▽

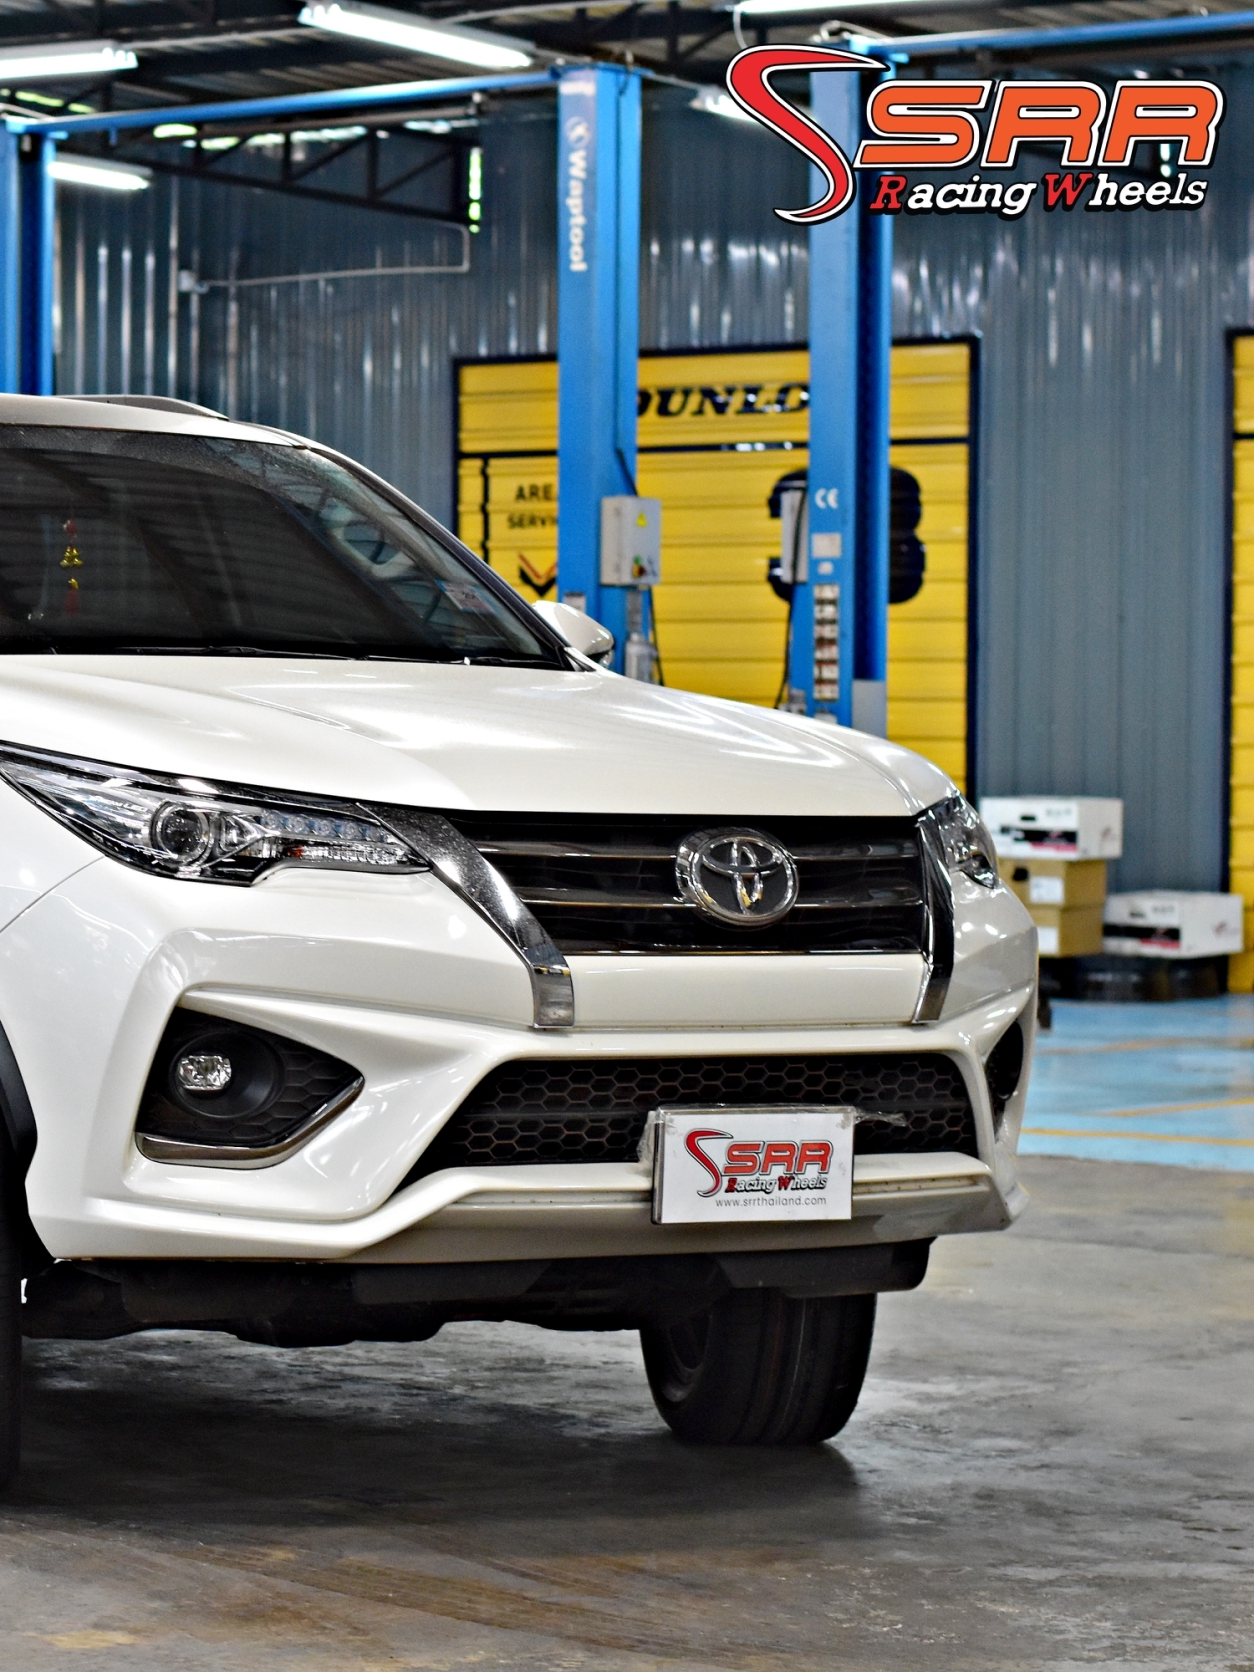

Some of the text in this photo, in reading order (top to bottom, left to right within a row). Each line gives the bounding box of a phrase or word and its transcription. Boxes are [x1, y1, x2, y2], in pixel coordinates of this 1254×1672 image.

[566, 149, 588, 272] Waptool
[725, 1175, 828, 1194] Racing Wheels
[715, 1196, 827, 1207] www.srrthailand.com
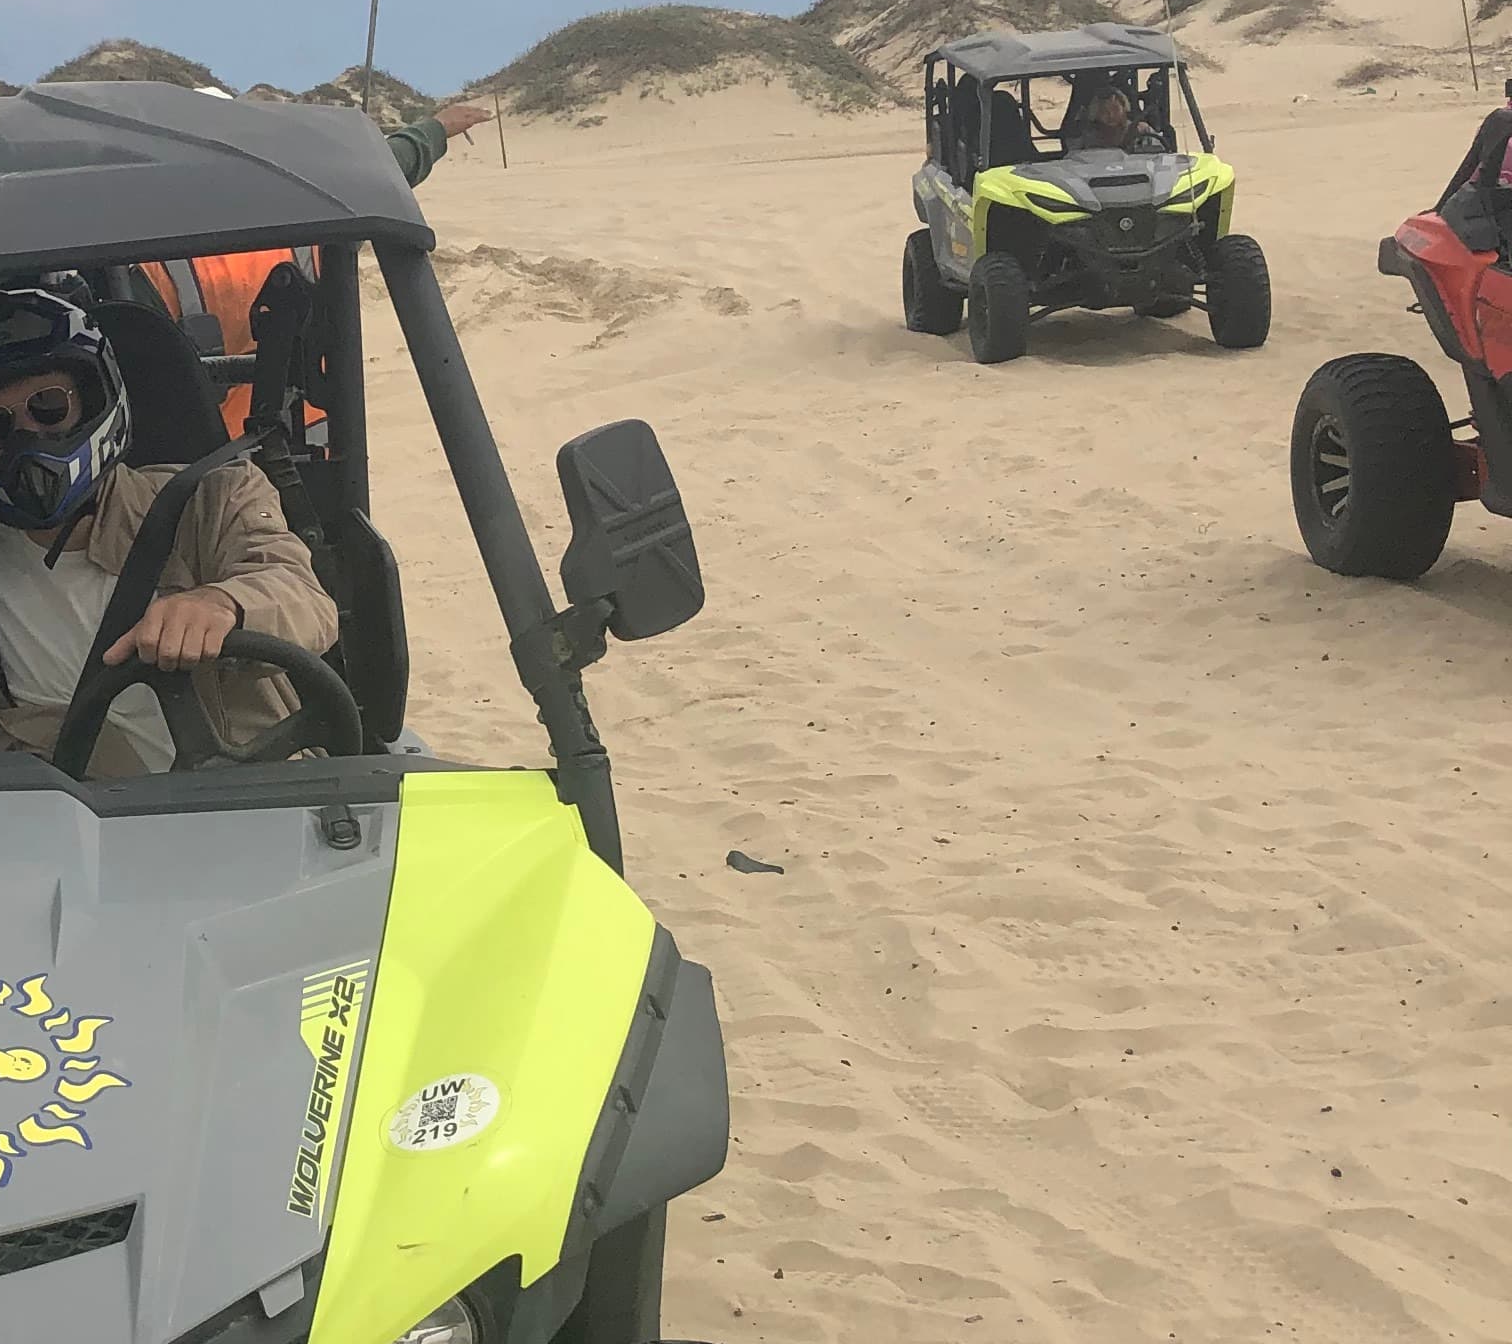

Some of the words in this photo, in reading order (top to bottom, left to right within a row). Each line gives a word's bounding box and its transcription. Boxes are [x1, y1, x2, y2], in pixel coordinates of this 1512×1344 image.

[287, 1025, 346, 1217] WOLVERINE
[328, 975, 356, 1027] X2
[421, 1078, 466, 1102] UW
[411, 1122, 458, 1145] 219

△

_PROBLEM TO SOLVE_.
Could you please write out the entries exactly as they are, with every picture left out?

_FINISHED TASK_.
Some of the text in this photo, in reading order (top to bottom, left to right within a row). Each line gives the bounding box of a phrase or word and its transcription. Boxes are [x1, y1, x2, y2], in pixel coordinates of this 1254×1672 image.

[566, 149, 588, 272] Waptool
[725, 1175, 828, 1194] Racing Wheels
[715, 1196, 827, 1207] www.srrthailand.com

Some of the words in this photo, in reading order (top to bottom, left to right within a row). Each line gives a word's bounding box and its transcription. Boxes are [x1, y1, x2, y2], in pixel coordinates of this 1512×1344 image.

[287, 1025, 346, 1217] WOLVERINE
[328, 975, 356, 1027] X2
[421, 1078, 466, 1102] UW
[411, 1122, 458, 1145] 219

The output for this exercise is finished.